The phi92 host range includes the nonpathogenic E. coli Nissle 1917—a K5 strain, which was isolated during World War I from a patient with resistance to severe diarrhea (54). K5 strains are encapsulated by poly(β1,4-GlcA-α1,4-GlcNAc) sugar polymers, and phages that infect such strains carry tailspike enzymes with K5 lyase activity (14). However, the phi92 genome does not contain a K5 lyase gene. In agreement with this, phi92 does not infect a pathogenic K5 strain (Table 3).
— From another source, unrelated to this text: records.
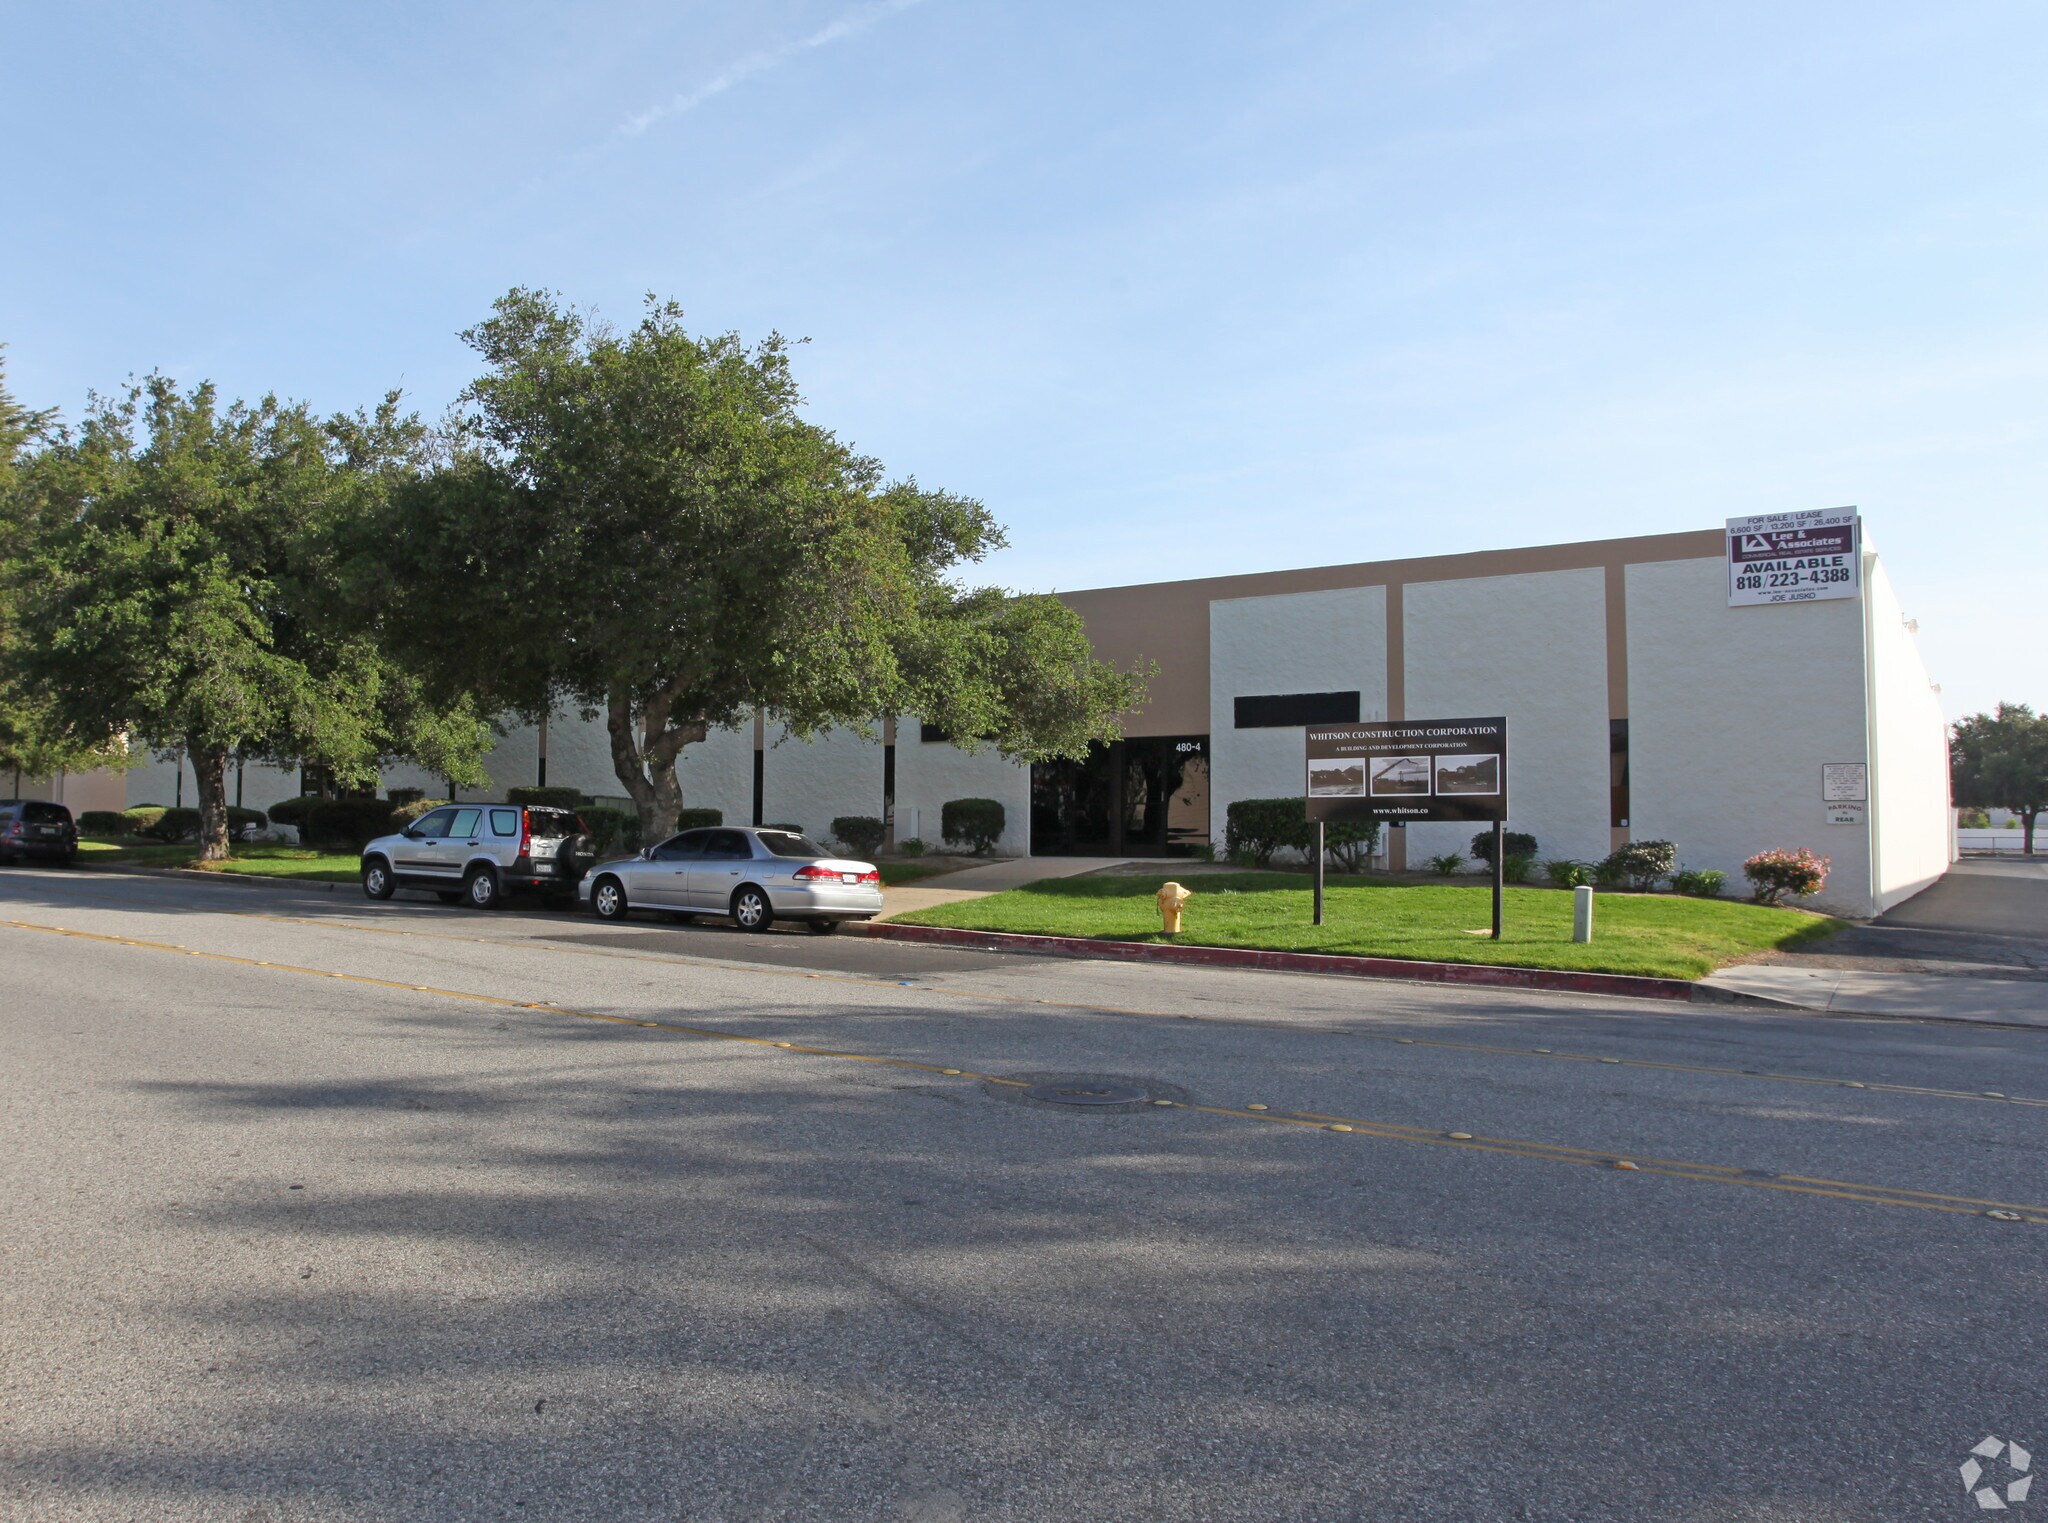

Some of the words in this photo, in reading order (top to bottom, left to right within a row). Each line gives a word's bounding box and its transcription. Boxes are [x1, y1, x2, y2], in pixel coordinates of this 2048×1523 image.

[1747, 517, 1765, 525] FOR
[1766, 514, 1788, 523] SALE
[1795, 510, 1823, 520] LEASE
[1753, 524, 1764, 532] SF
[1796, 520, 1807, 528] SF
[1842, 515, 1853, 524] SF
[1771, 532, 1794, 542] Lee
[1797, 530, 1807, 539] &
[1776, 537, 1842, 550] Associates
[1742, 556, 1844, 575] AVAILABLE
[1736, 567, 1850, 590] 818/223-4388
[1788, 592, 1816, 601] JUSKO
[1309, 732, 1351, 741] WHITSON
[1352, 729, 1424, 739] CONSTRUCTION
[1426, 726, 1498, 737] CORPORATION
[1175, 742, 1201, 752] 480-4
[1380, 743, 1424, 751] DEVELOPMENT
[1424, 741, 1468, 749] CORPORATION
[1372, 806, 1429, 814] www.whitson.co
[1828, 804, 1862, 812] PARKING
The observed discrepancy may be explained by the density of the capsule, which in Nissle 1917 may be lower than in other K5 strains, thus allowing phi92 to access the membrane without the need for capsule degradation.

Concluding remarks.

This report describes the genome, structure, and host range of the Enterobacteria phage phi92. The phi92 genome displays mosaicism similar to that of other phages and was found to be closely related to the genomes of phages rv5 and PVP-SE1, favoring suggestions to group them into the new genus of rv5-like phages. The structural operons are well conserved, strongly suggesting that the structures of the capsid (including the location of the decoration protein) and the tail and the organization of the major part of the baseplate are conserved. The baseplates of rv5 and PVP-SE1 are likely to have a similar Swiss army knife-like structure, although the numbers of tail fibers and tailspikes emanating from the baseplate and their exact attachment sites on the baseplate might differ.

This report illustrates that phages display an enormous potential to change host recognition proteins by intra- and interspecies recombination and by mutations, resulting in their ability to recognize new host receptors. This phenomenon plays an important role in the natural ecology of phage-host interactions and can be exploited in the selection of therapeutic phages having desired “target ranges.”